- Description of the task -
Copy out the line bearing "this 2212×1659 image." and all the lines after it, to the very end of the material below, exactly as written.

- Listed records -
Segment Open

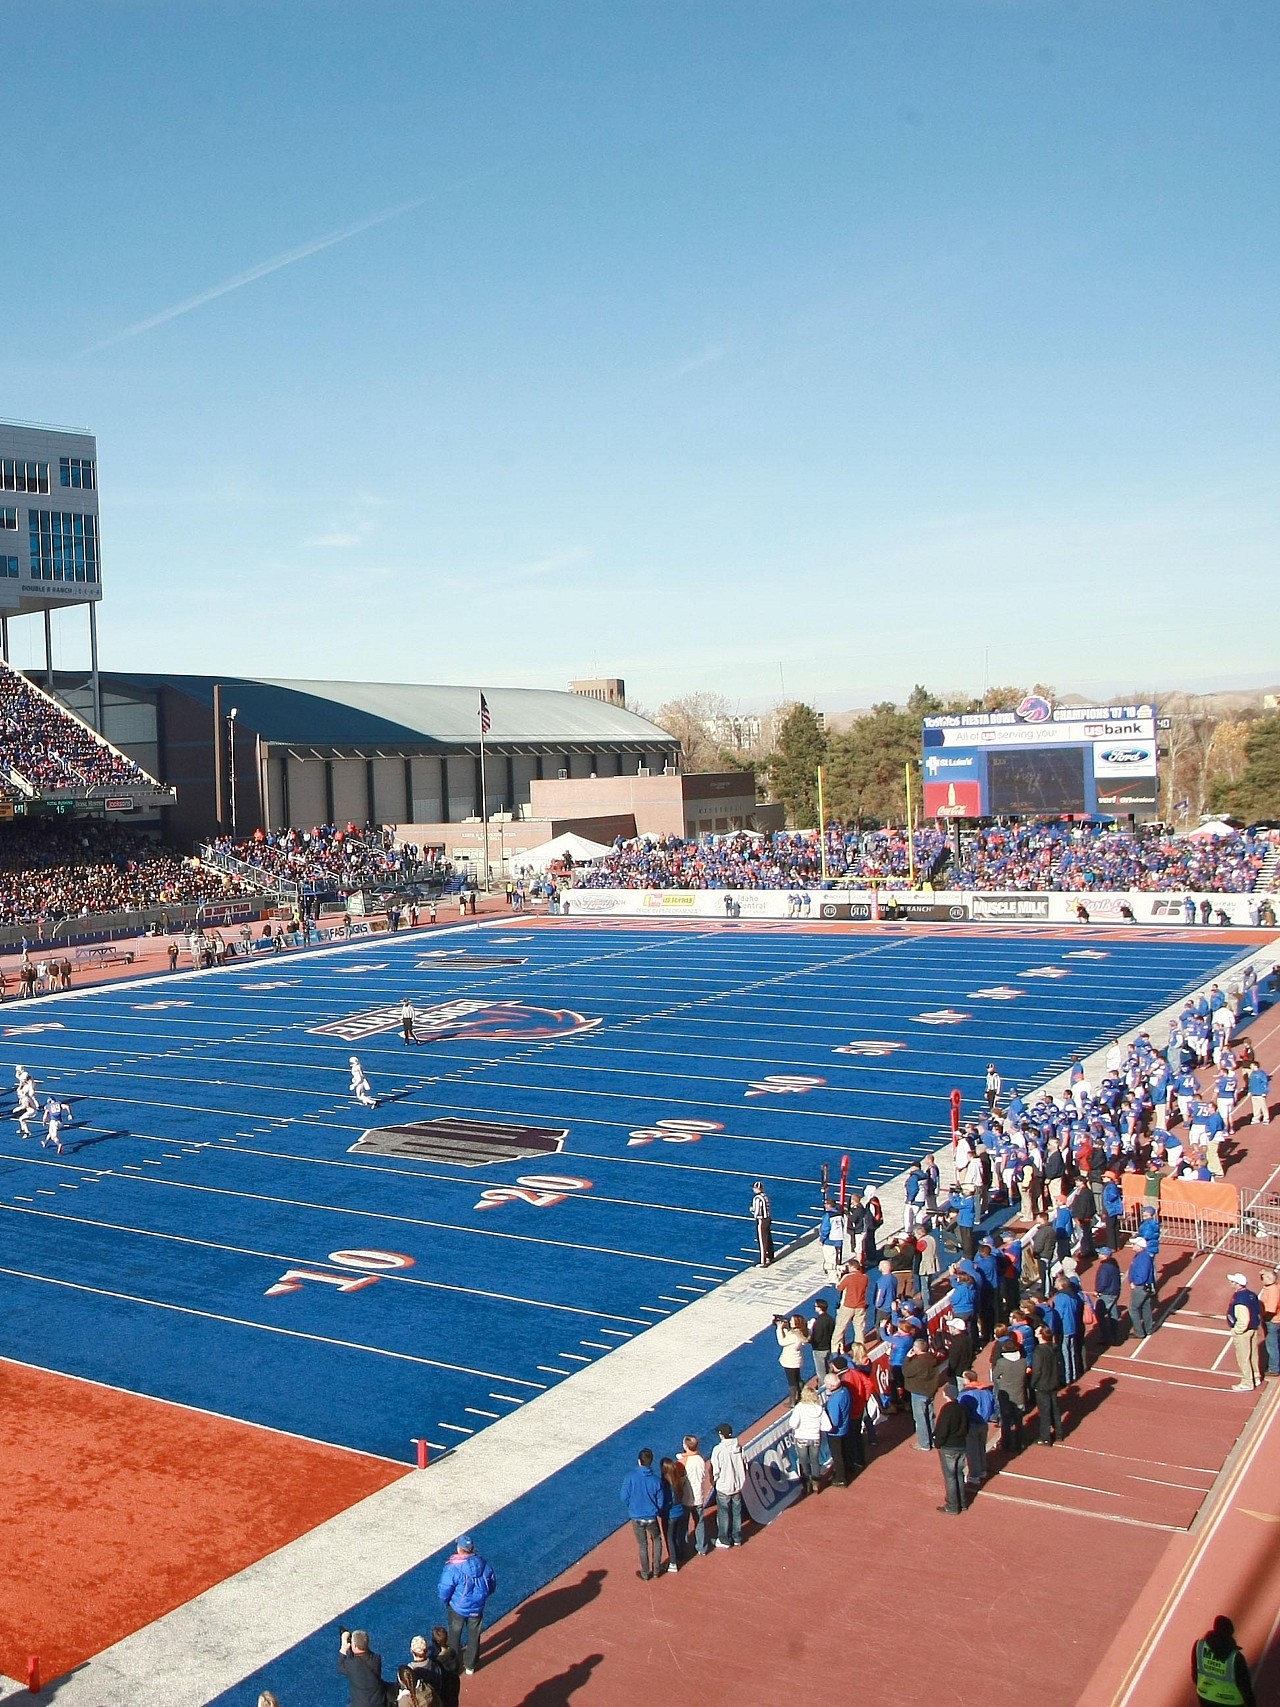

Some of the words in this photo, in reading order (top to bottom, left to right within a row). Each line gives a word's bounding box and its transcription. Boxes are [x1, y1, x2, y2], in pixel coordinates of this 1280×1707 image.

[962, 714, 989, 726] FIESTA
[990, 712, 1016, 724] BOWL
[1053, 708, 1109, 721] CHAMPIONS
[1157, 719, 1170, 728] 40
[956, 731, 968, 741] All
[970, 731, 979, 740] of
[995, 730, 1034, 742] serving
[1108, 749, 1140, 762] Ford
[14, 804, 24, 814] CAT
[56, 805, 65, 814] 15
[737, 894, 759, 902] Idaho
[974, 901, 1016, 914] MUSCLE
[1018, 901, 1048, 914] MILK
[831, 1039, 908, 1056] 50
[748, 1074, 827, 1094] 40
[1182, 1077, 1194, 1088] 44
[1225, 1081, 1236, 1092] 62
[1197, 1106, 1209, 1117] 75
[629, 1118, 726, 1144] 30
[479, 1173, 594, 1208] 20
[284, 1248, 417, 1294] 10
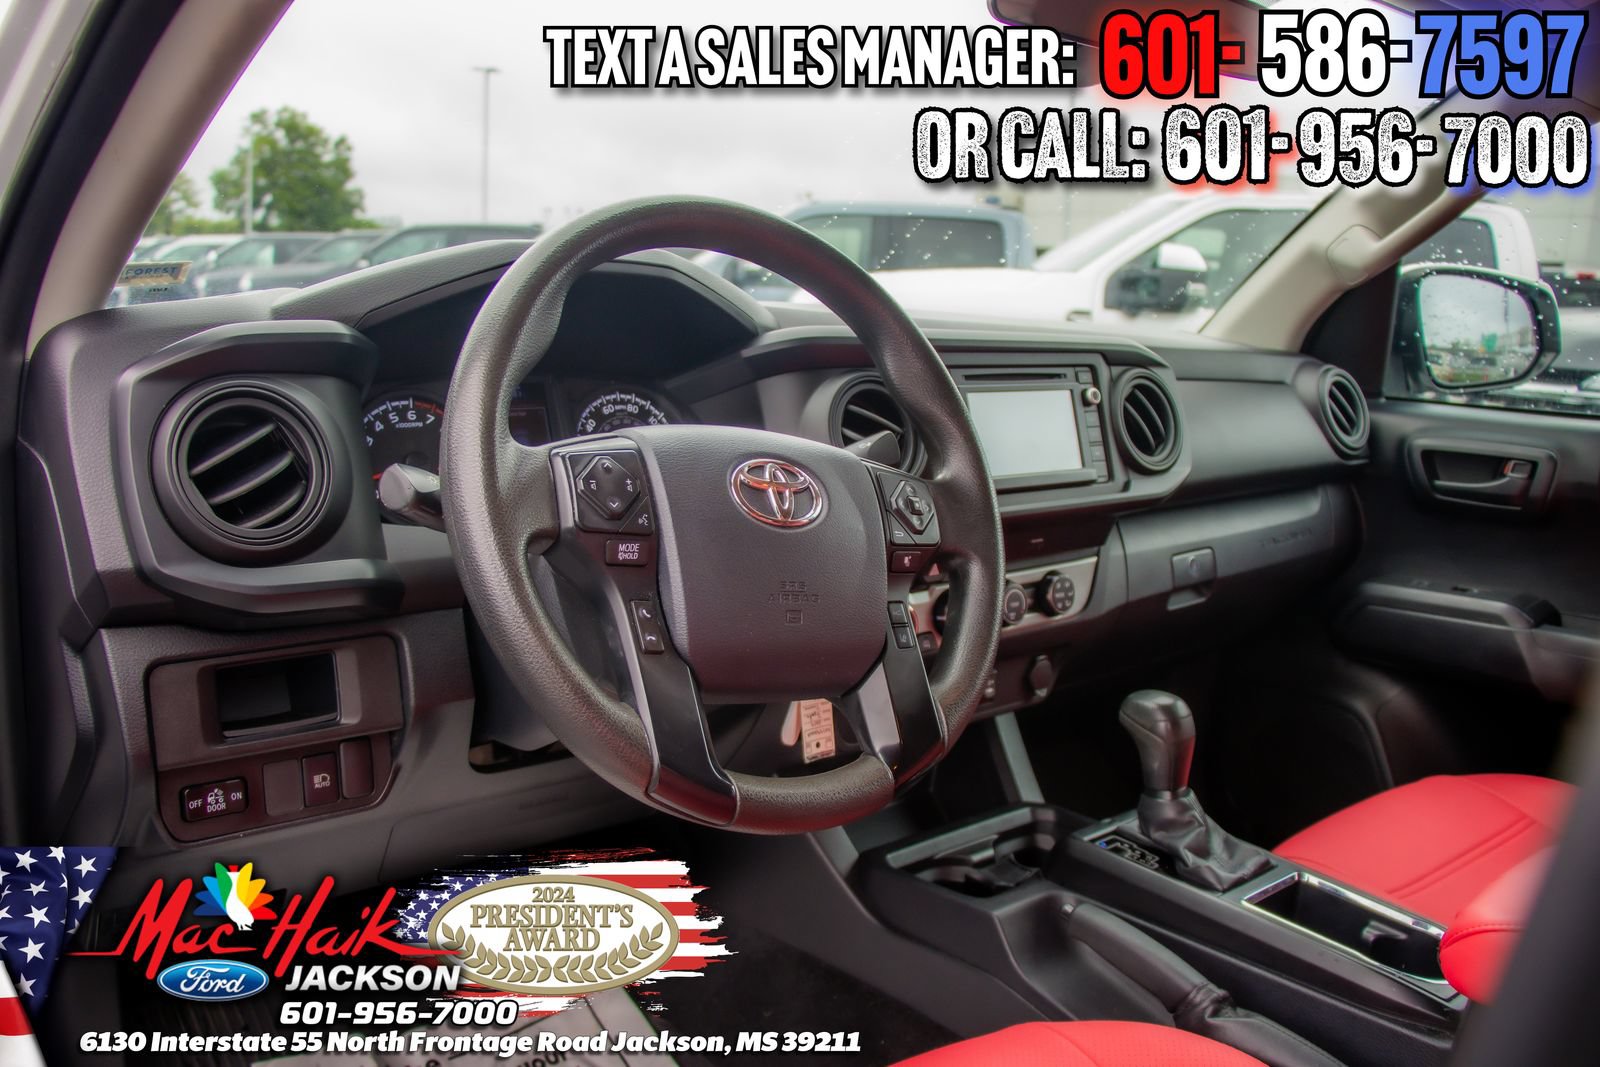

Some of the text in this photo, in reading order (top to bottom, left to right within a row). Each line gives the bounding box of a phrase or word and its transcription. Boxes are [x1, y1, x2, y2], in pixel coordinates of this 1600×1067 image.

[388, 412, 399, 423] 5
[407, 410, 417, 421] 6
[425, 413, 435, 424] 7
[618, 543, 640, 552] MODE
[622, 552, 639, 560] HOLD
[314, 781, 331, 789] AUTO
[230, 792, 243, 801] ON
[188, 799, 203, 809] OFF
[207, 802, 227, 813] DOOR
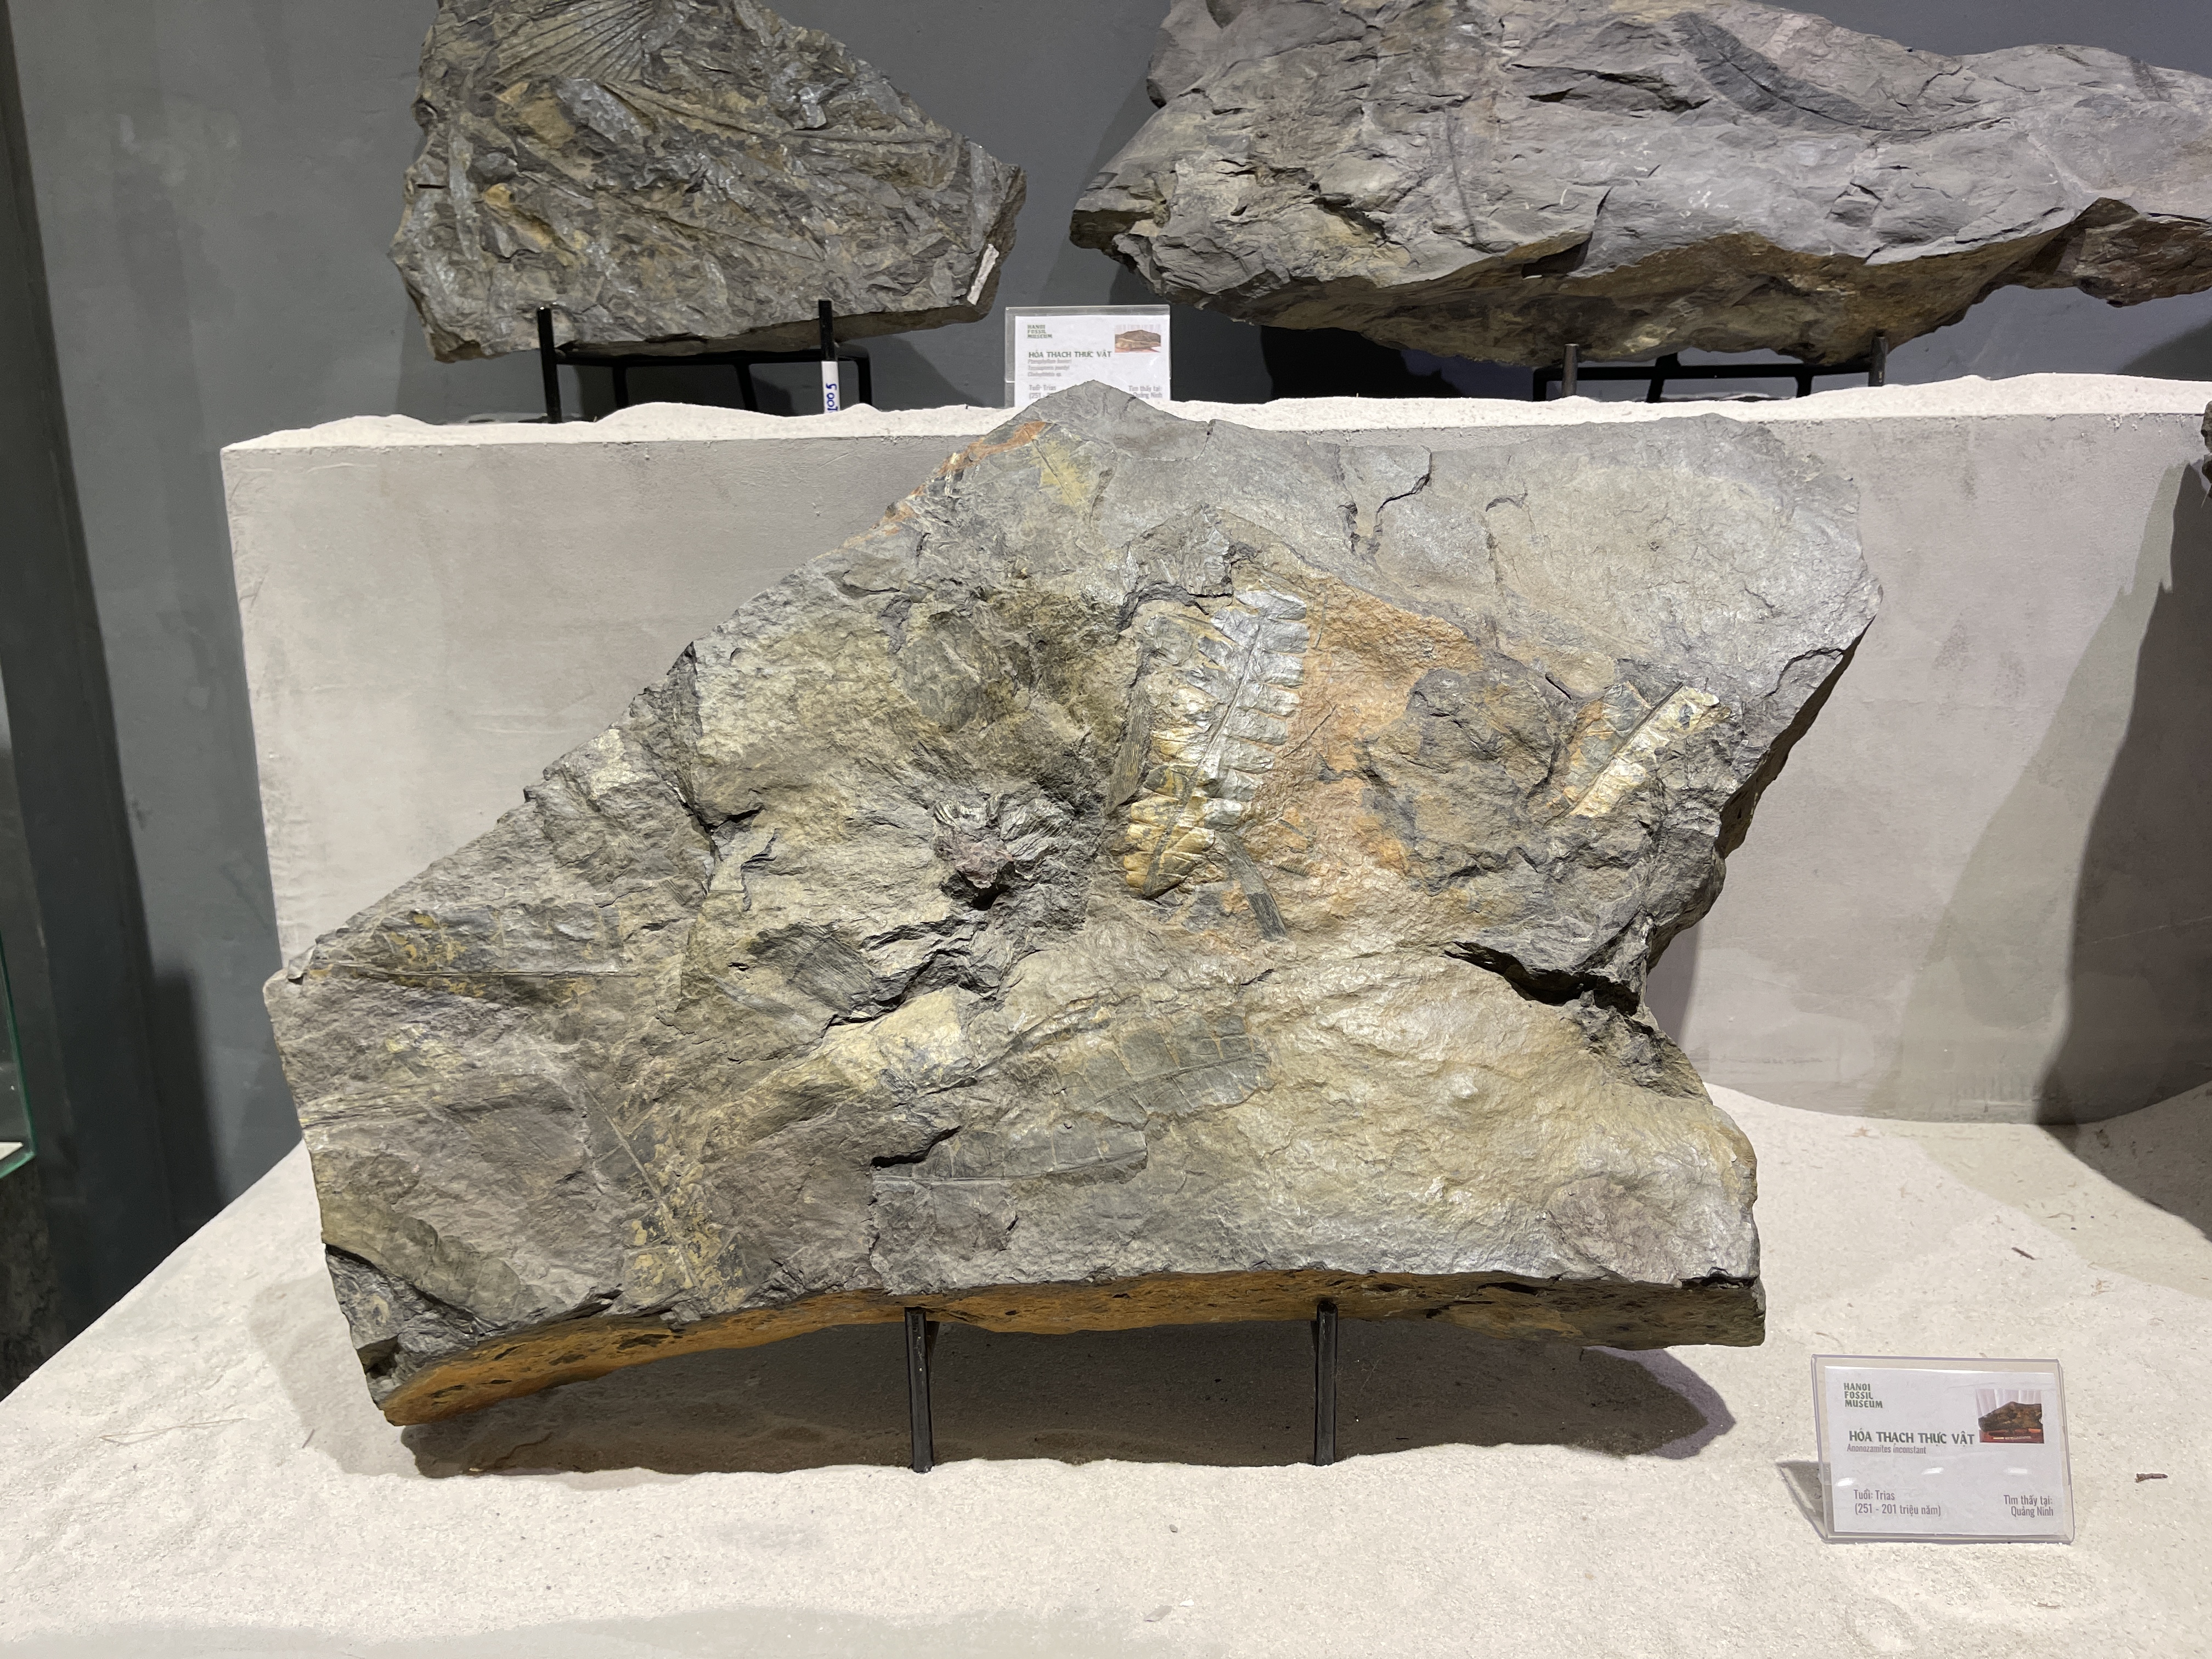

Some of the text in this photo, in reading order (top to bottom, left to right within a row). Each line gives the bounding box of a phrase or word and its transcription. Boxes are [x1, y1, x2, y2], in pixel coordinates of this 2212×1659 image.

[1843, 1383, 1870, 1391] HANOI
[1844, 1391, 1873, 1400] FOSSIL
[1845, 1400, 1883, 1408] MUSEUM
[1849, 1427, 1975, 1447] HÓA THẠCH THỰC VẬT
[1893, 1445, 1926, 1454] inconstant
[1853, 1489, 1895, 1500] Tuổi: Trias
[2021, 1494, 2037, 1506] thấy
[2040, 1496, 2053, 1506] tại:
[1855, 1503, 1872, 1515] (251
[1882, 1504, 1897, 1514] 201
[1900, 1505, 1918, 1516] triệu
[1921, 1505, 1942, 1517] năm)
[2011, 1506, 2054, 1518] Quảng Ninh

Segment Closed

- Exercise output -
Some of the text in this photo, in reading order (top to bottom, left to right within a row). Each line gives the bounding box of a phrase or word and its transcription. Boxes are [x1, y1, x2, y2], in pixel coordinates of this 2212×1659 image.

[1843, 1383, 1870, 1391] HANOI
[1844, 1391, 1873, 1400] FOSSIL
[1845, 1400, 1883, 1408] MUSEUM
[1849, 1427, 1975, 1447] HÓA THẠCH THỰC VẬT
[1893, 1445, 1926, 1454] inconstant
[1853, 1489, 1895, 1500] Tuổi: Trias
[2021, 1494, 2037, 1506] thấy
[2040, 1496, 2053, 1506] tại:
[1855, 1503, 1872, 1515] (251
[1882, 1504, 1897, 1514] 201
[1900, 1505, 1918, 1516] triệu
[1921, 1505, 1942, 1517] năm)
[2011, 1506, 2054, 1518] Quảng Ninh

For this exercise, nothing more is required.